Tommy: Geospatial tools, and more broadly geospatial data, often form the backbone of our BasinScout analyses. Here comes the nitty gritty: We utilize desktop software such as ArcGIS and QGIS for developing map products and ArcGIS Online for developing interactive dashboards to display analytical results. (GIS stands for geographic information system.) We leverage Python, a high-level programming language, for creating scripts and proprietary GIS tools that are used to ingest data, perform a variety of spatial analyses, and store results in a geospatial-enabled database.
Eleanor: The world of geospatial analytics is constantly evolving, and we are trying to evolve with it. For example, we use Google Earth Engine to access and process data from five or six national datasets over thousands of fields and multiple years. Doing that on a desktop computer could take months, but now it takes just hours. Tools like Google Earth Engine and a variety of products within Google Cloud Platform have helped us improve the way we access, process, and store geospatial data—such as crop data, weather data, and elevation models—for use in BasinScout.

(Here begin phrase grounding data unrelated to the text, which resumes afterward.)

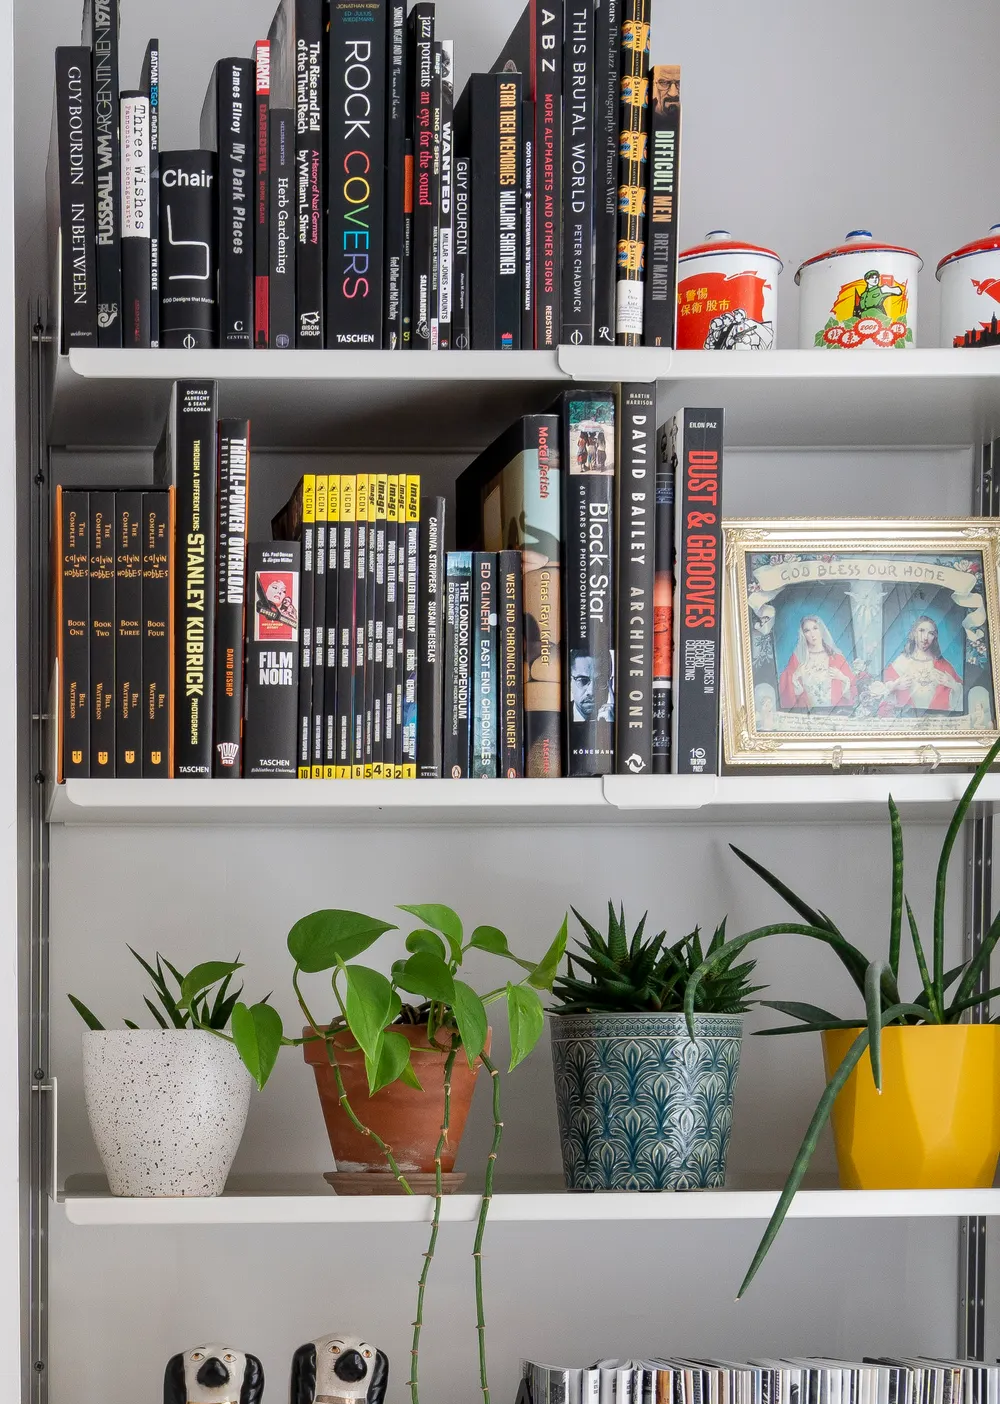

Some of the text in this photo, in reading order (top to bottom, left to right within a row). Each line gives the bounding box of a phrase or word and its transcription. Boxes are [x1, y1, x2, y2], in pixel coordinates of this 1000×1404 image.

[230, 65, 242, 134] James Ellroy
[256, 46, 270, 92] MARVEL
[297, 39, 308, 134] of the Third Reich
[309, 41, 320, 131] The Rise and Fall
[416, 14, 435, 205] jazz portraits an eye for the sound
[571, 8, 587, 213] THIS BRUTAL WORLD
[67, 66, 84, 185] GUY BOURDIN
[133, 104, 147, 230] Three Wishes
[161, 168, 213, 188] Chair
[342, 40, 371, 299] ROCK COVERS
[442, 121, 451, 214] WANTED
[499, 83, 516, 275] STAR TREK MEMORIES WILLIAM SHATNER
[71, 203, 87, 304] IN BETWEEN
[229, 142, 246, 254] My Dark Places
[276, 177, 288, 274] Herb Gardening
[651, 130, 675, 301] DIFFICULT MEN BRETT MARTIN
[573, 224, 582, 313] PETER CHADWICK
[226, 438, 247, 604] THRILL-POWER OVERLOAD
[588, 502, 609, 623] Black Star
[628, 414, 647, 729] DAVID BAILEY ARCHIVE ONE
[684, 450, 718, 628] DUST & GROOVES
[780, 564, 945, 582] GOD BLESS OUR HOME
[185, 533, 205, 745] STANLEY KUBRICK PHOTOGRAPHS
[225, 648, 235, 697] DAVID BISHOP
[258, 651, 293, 669] FILM
[258, 668, 293, 685] NOIR
[505, 572, 517, 749] WEST END CHRONICLES ED GLINERT

How have BasinScout and those who use it evolved?
Tommy: BasinScout has evolved from the initial riparian shade-based application to addressing a wide range of water quality and water quantity issues across the Western United States. We have developed workflows and products for clients that can prioritize groundwater aquifer recharge, agricultural irrigation upgrades, strategic fallowing (crops and pasture), and mitigation actions for pollutants such as mercury.
Eleanor: As the tools have become more complex, the skills needed on our analytical team have changed, too. It used to be GIS experts handling the data and subject matter experts providing scientific guidance. Now the two roles have blended into this hybrid data scientist role, where we have subject matter experts who are equipped with skills in GIS, statistics, and computer programming.
While the skills of our team are evolving, the importance of people on our team with expertise in conservation remains constant. Software and technology are tools to help us answer questions, but it takes biologists, agronomists, hydrologists, and other trained staff who can understand the problem and articulate the questions we want to ask.
What changes do you see coming that will help us achieve conservation goals more quickly and effectively?
Eleanor: BasinScout will always be changing to address new questions and find new solutions, but I am most excited about some of the things that aren’t changing anymore. Those parts of BasinScout that don’t need to be changed and can still be applied in lots of geographies prove that we’ve developed something incredibly useful.
What is your favorite part of BasinScout?
Eleanor: It is really interesting to learn about the various ecosystems that we are trying to protect. For example, in California’s Sacramento and San Joaquin Rivers, BasinScout is guiding the implementation of groundwater recharge projects that will secure, protect, and enhance more than 4,000 acres of sensitive groundwater-dependent habitat for decades. This includes streamside oak forests and Sandhill Crane roosting and foraging habitats.
Tommy: My favorite part of BasinScout is the constant evolution and refinement. In six months or one year from now, BasinScout will likely have more improvements and capabilities, while still rooted in the same concepts that were developed more than ten years ago. We are also developing BasinScout to adapt to very large geographic areas. Currently we are using BasinScout to analyze water quality and water quantity issues across the entirety of the irrigated agricultural land in Southwest Idaho and the West Slope of Colorado, which combined encompasses nearly 1.5 million acres.
BasinScout® is a registered trademark of The Freshwater Trust. Aspects of the StreamBank® system, of which BasinScout is a part, are covered by one or more claims of U.S. Patent No. 8,036,909.